Input:

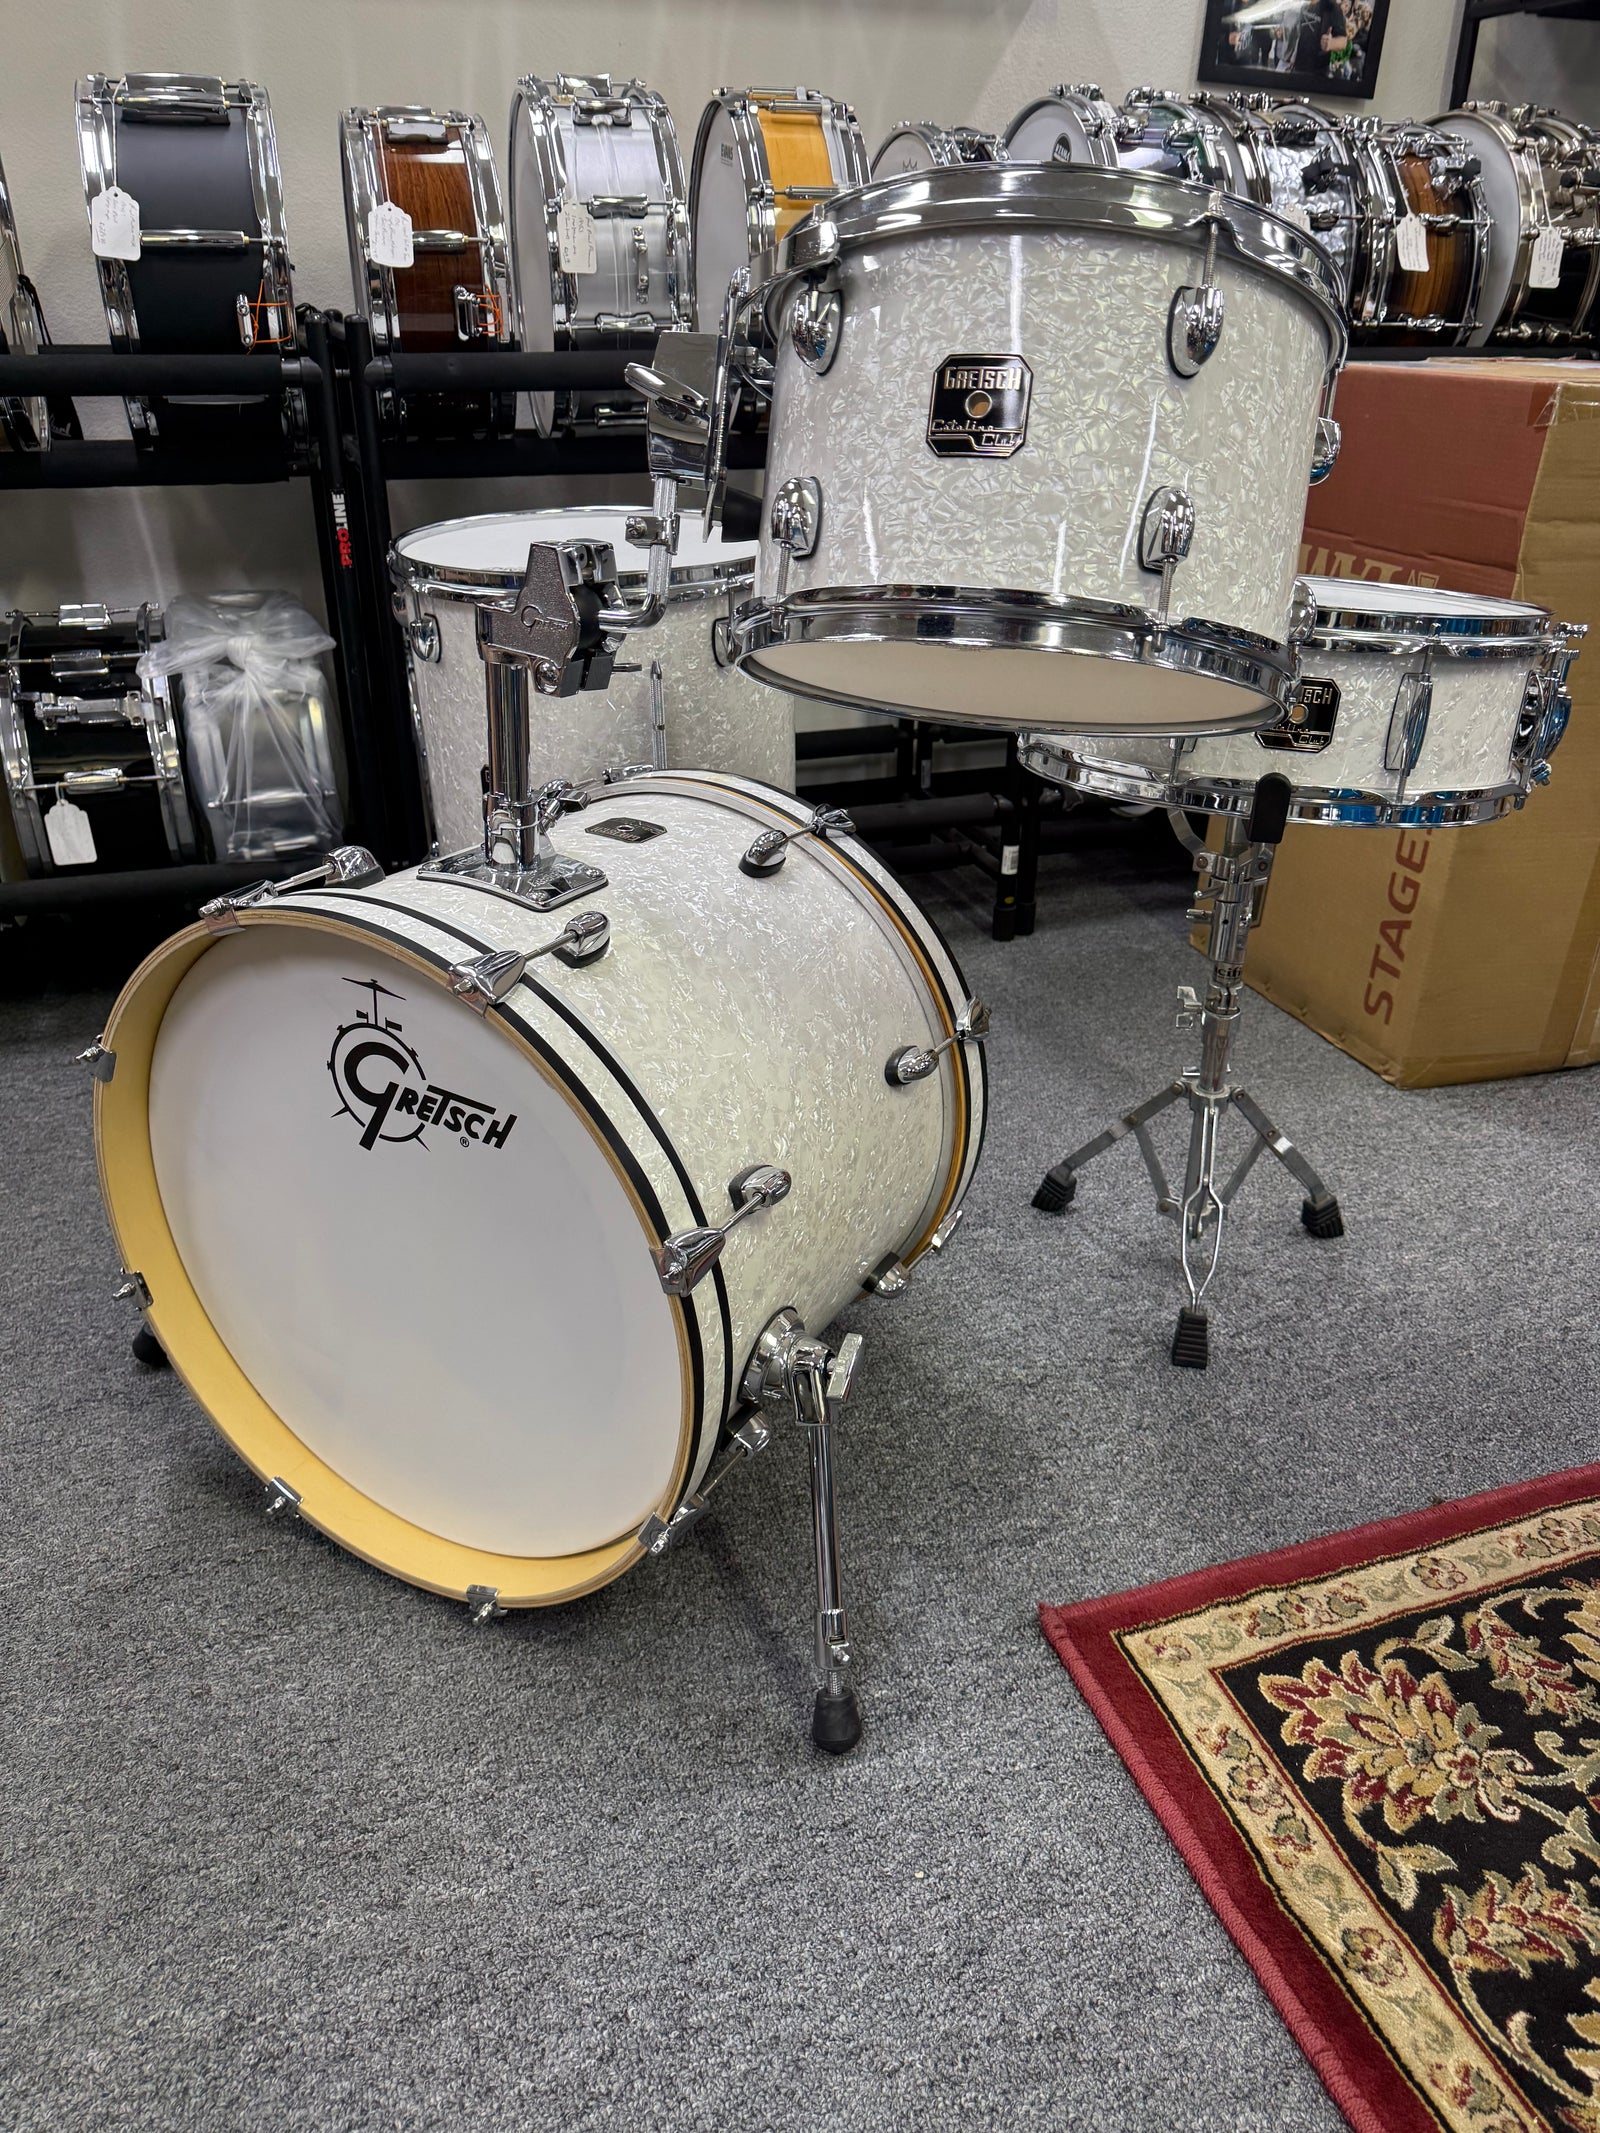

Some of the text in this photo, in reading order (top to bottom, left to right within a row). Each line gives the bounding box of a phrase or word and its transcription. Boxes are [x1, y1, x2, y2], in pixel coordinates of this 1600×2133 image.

[943, 366, 1023, 391] GRETSCH
[931, 418, 996, 433] Catalina
[981, 432, 1017, 447] Club
[1363, 828, 1433, 1026] STAGE
[343, 1040, 518, 1151] GRETSCH
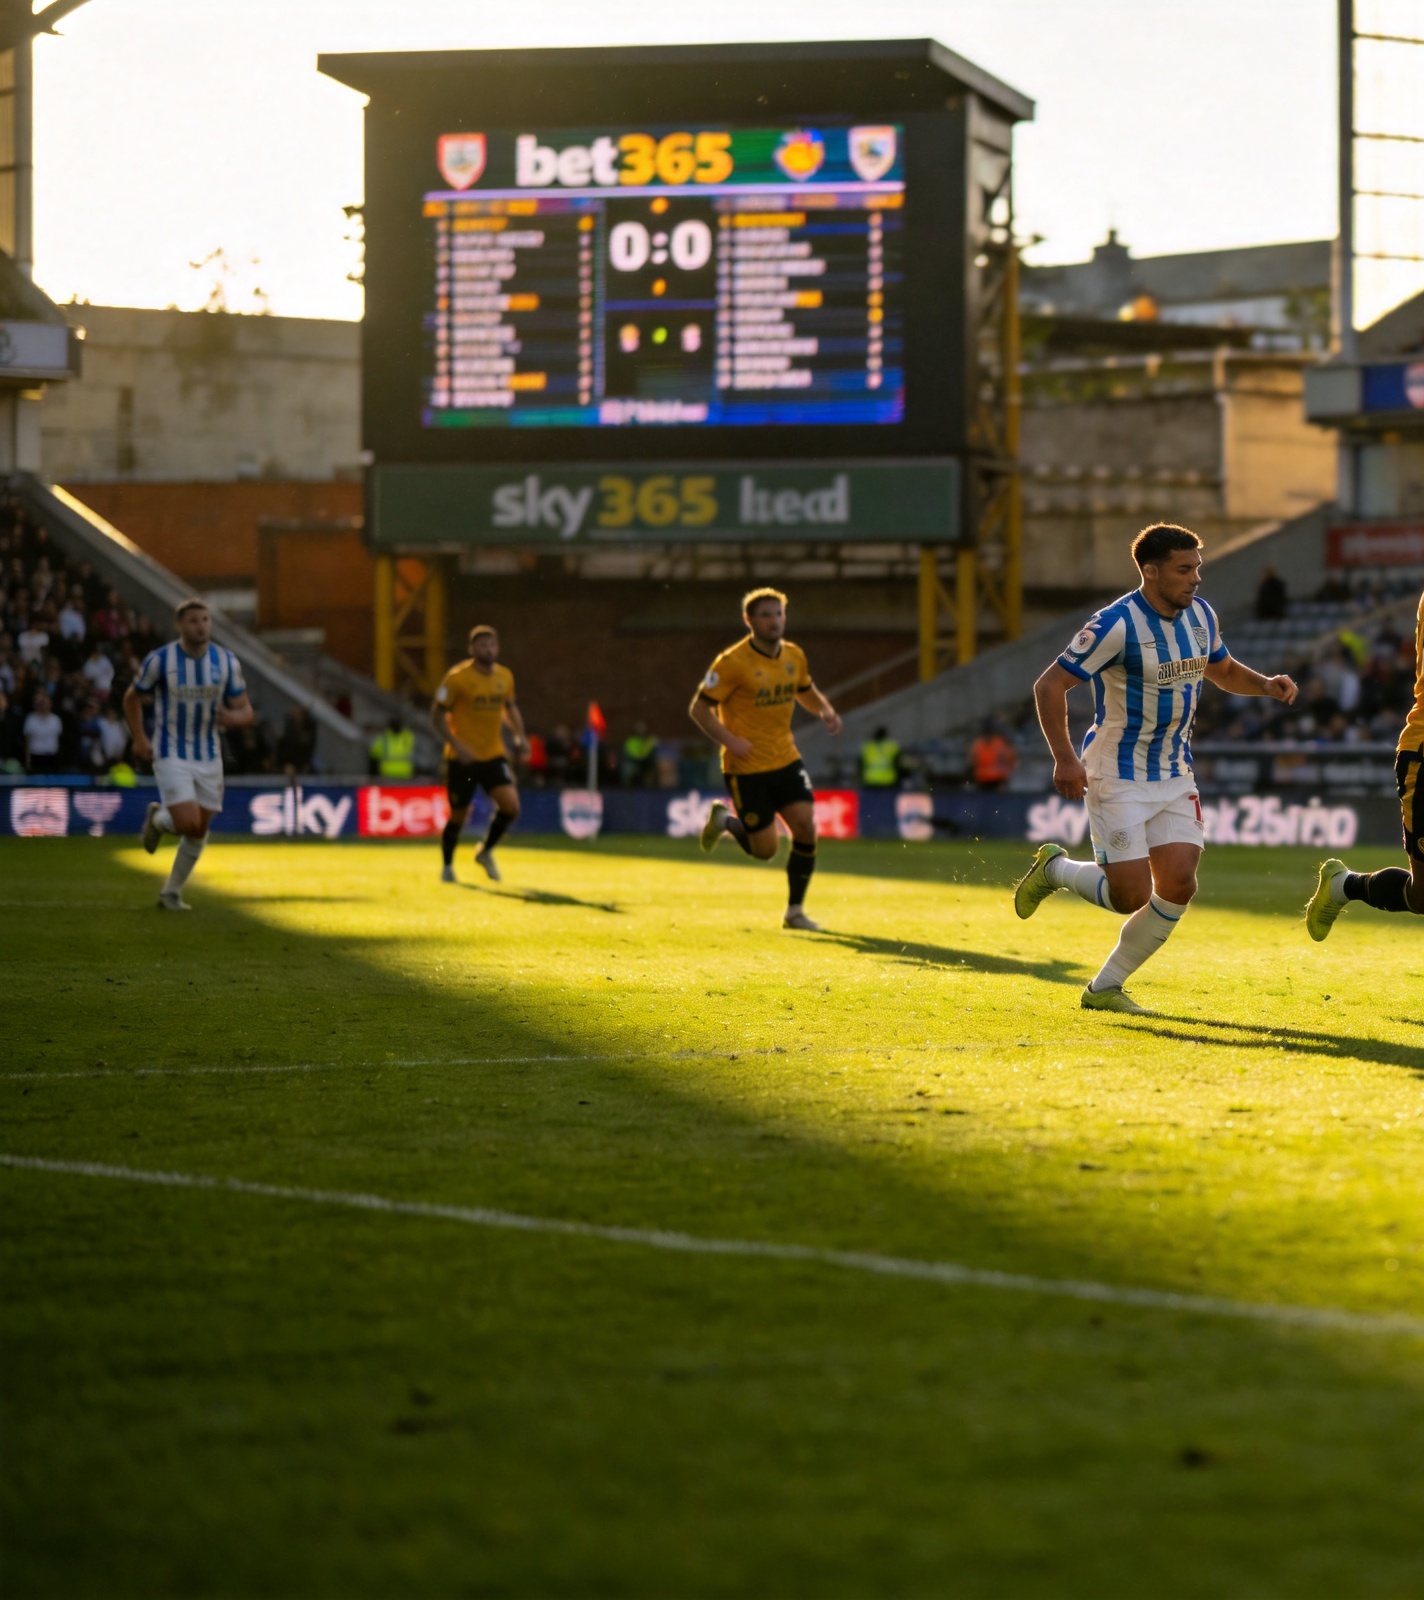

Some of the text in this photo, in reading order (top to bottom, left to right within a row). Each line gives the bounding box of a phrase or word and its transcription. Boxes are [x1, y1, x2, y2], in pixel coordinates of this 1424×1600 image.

[515, 133, 733, 187] bet365
[609, 220, 713, 271] 0:0
[250, 788, 352, 838] sky

What the exercise asks: Your answer must be the records above, word for word, with no pictures.

Answer space:
Some of the text in this photo, in reading order (top to bottom, left to right within a row). Each line gives the bounding box of a phrase or word and its transcription. Boxes are [x1, y1, x2, y2], in pixel coordinates of this 1600×2133 image.

[943, 366, 1023, 391] GRETSCH
[931, 418, 996, 433] Catalina
[981, 432, 1017, 447] Club
[1363, 828, 1433, 1026] STAGE
[343, 1040, 518, 1151] GRETSCH

Some of the text in this photo, in reading order (top to bottom, left to right within a row). Each line gives the bounding box of a phrase or word and its transcription. Boxes are [x1, y1, x2, y2], in pixel coordinates of this 1424×1600 image.

[515, 133, 733, 187] bet365
[609, 220, 713, 271] 0:0
[250, 788, 352, 838] sky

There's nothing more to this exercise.